Bab 10 Tangis Syakila

6 0 0
                                    

Syakila menghampiri kakaknya dengan tangis yang masih menyelimutinya. Miza dengan sikap penuh kasih, memeluknya erat.

"Enggak apa-apa, Sayang." Dielusnya punggung sang adik dengan lembut. Tangisannya menggores hatinya. "Semua akan baik-baik saja. Kamu sudah berusaha dengan baik," hiburnya. Dihapus air bening di wajah tembab Syakila. "Kita keluar sekarang, ya?"

Syakila mengangguk. Tangisnya selesai ketika air matanya dihapus bersih Miza.

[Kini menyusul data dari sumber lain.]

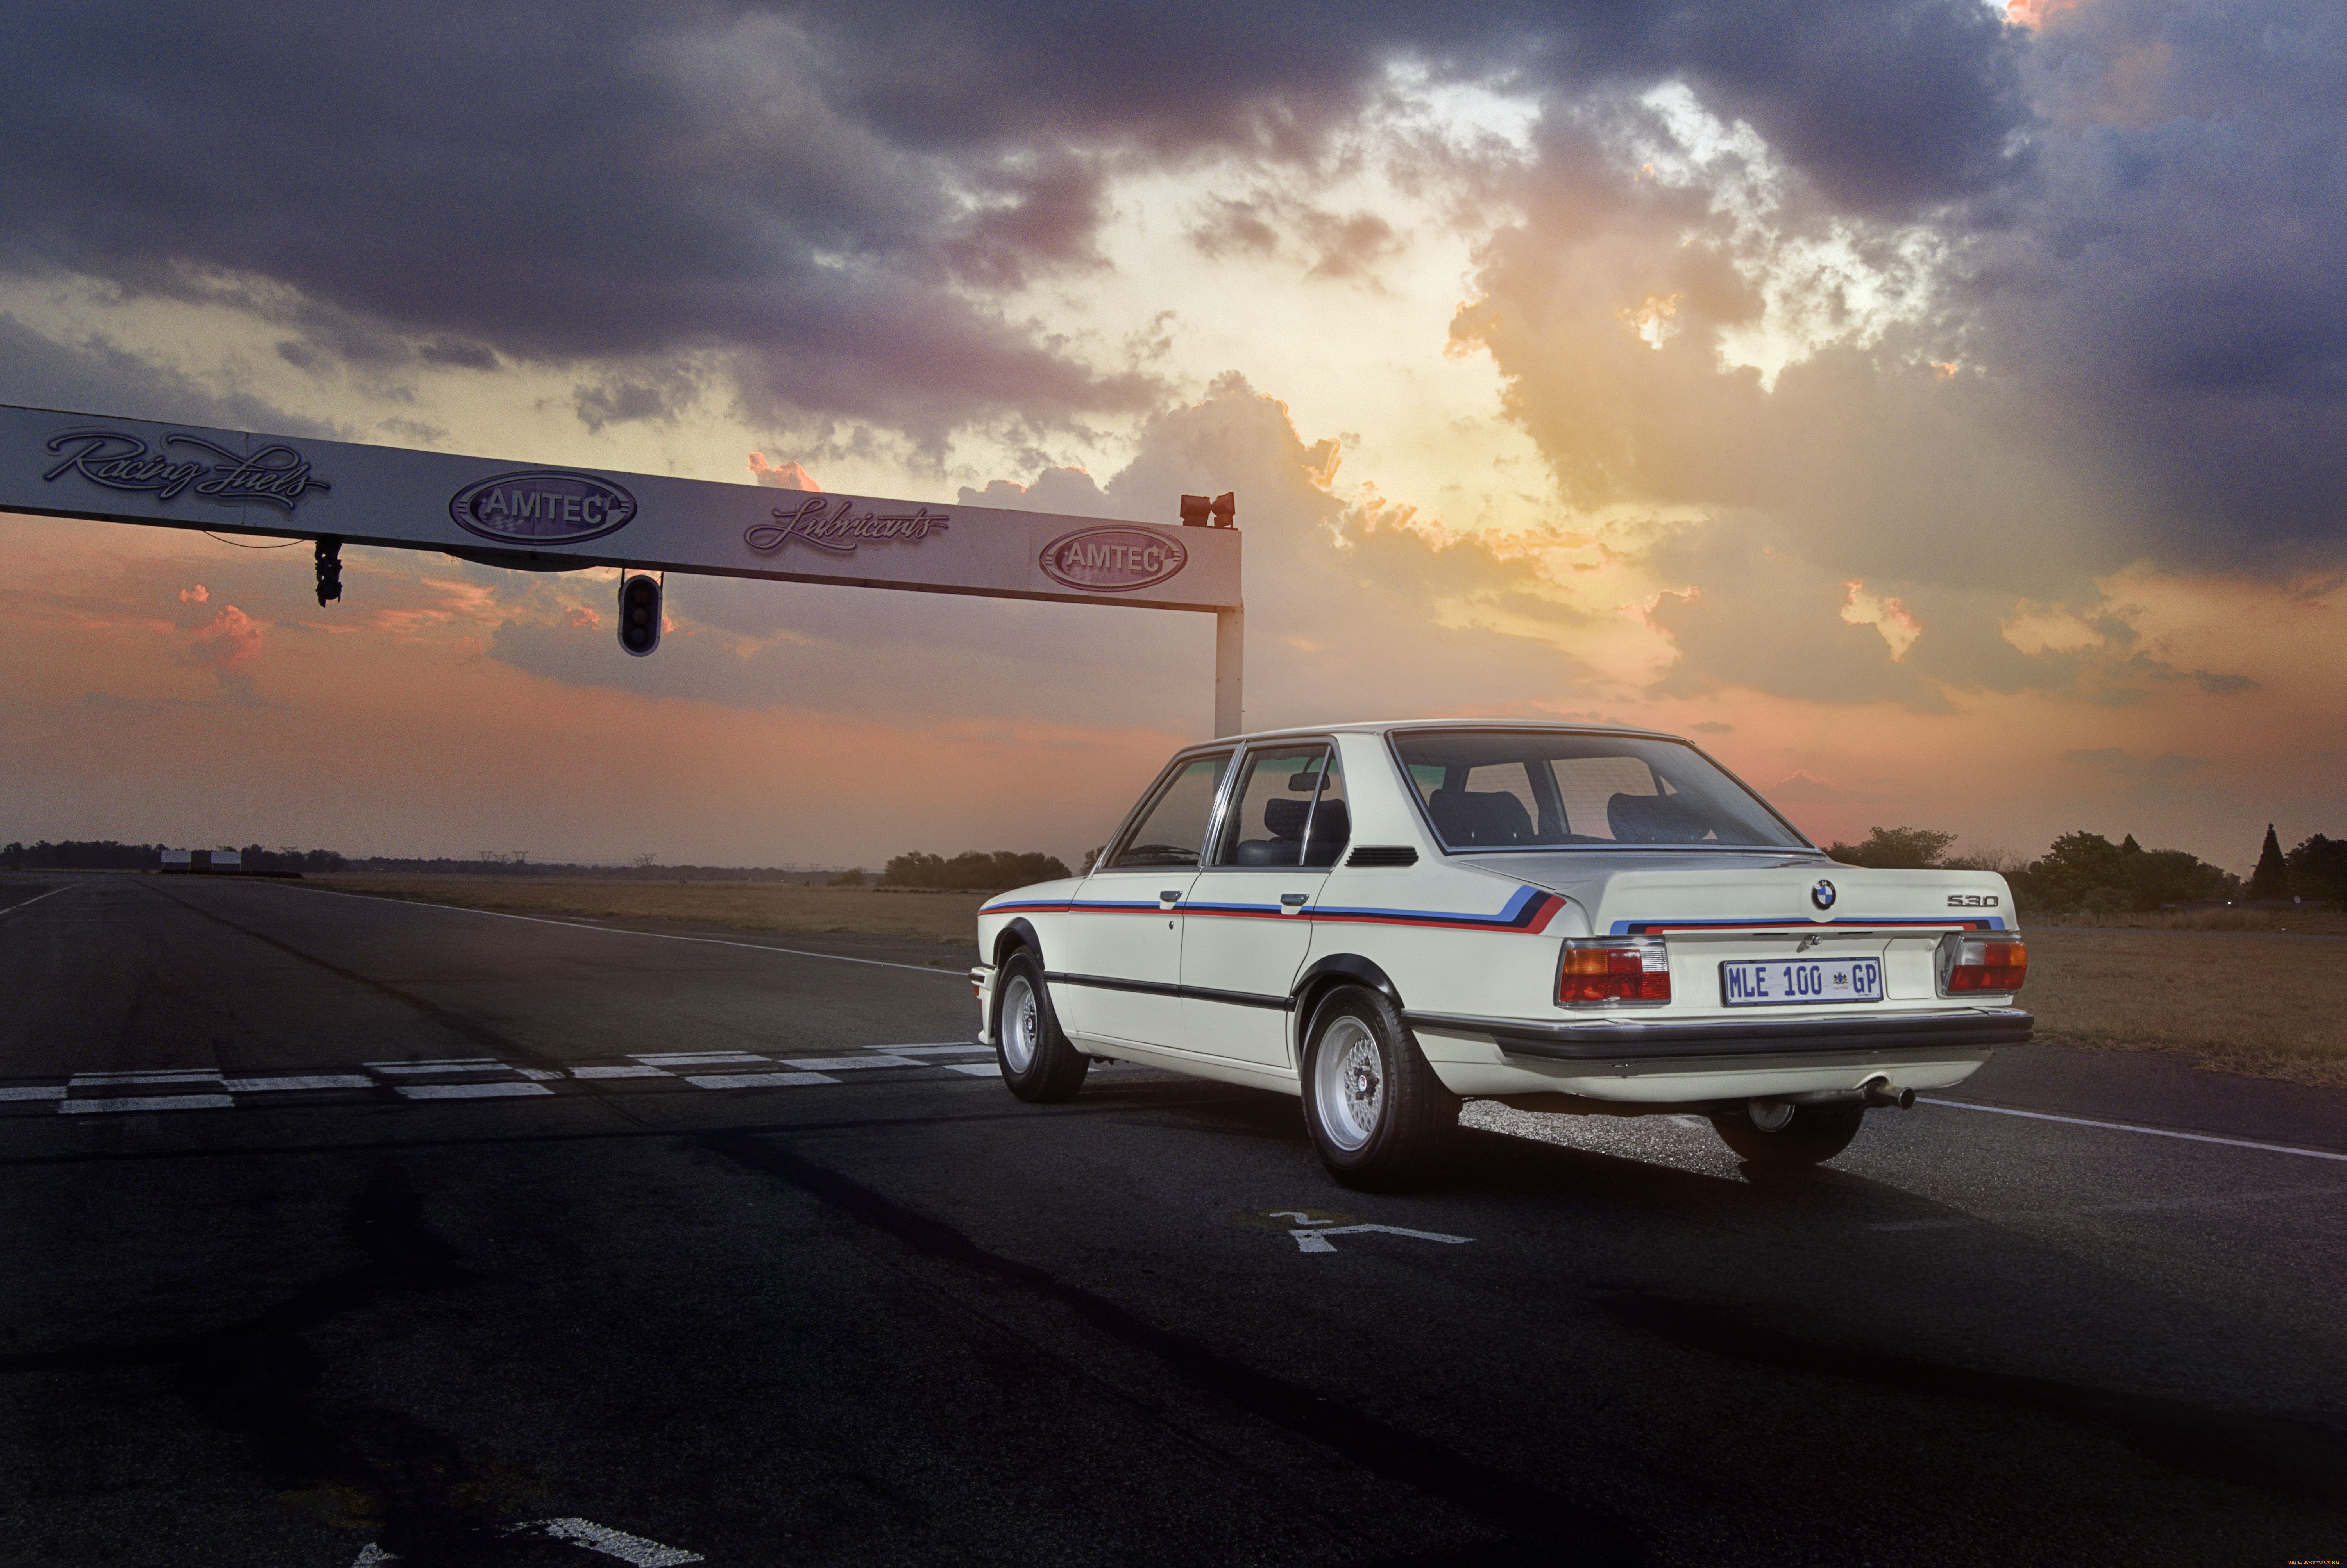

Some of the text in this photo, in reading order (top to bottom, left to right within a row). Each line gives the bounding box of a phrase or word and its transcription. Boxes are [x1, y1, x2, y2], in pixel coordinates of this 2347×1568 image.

Miza membawa tas sekolah Syakila dan menuntun adiknya keluar. Ketika ia melewati para orang tua, ia mendengar seorang ibu muda nyeletuk yang ditujukan padanya.

"Papa muda keren." Ibu itu mengacungkan jempolnya.

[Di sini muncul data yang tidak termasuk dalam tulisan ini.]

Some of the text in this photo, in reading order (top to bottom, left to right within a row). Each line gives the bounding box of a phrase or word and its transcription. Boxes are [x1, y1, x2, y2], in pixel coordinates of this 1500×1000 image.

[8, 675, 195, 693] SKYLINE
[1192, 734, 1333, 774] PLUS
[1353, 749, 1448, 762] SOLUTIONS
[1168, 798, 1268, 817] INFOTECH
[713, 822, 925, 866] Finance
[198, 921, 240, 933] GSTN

Ini membuat Miza malu. Di sebut papa muda oleh beberapa ibu-ibu di barisan penonton tadi. Ia hanya menanggapinya dengan senyum tanpa ingin menjelaskan status yang sesungguhnya. Menjadi laki-laki satu-satunya yang mendampingi peserta tes, membuat ia harus bersiap dengan kemungkinan seperti ini.

"Aku sebel, orang-orang selalu bilang Kakak itu papaku," ucap Syakila. Bibirna mengerucut sebal.

"Enggak apa-apa," sahut Miza. "Itu karena mereka enggak tahu yang sebenarnya. Dan mereka tidak perlu tahu." Miza membuka mobil dan memasukkan Syakila ke dalamnya. Kemudian memasangkan seat belt di tubuh adiknya.

"Kalau enggak dikasih tahu yang sebenarnya, nanti dikira Kakak udah punya isteri. Enggak ada yang mau deh sama Kakak."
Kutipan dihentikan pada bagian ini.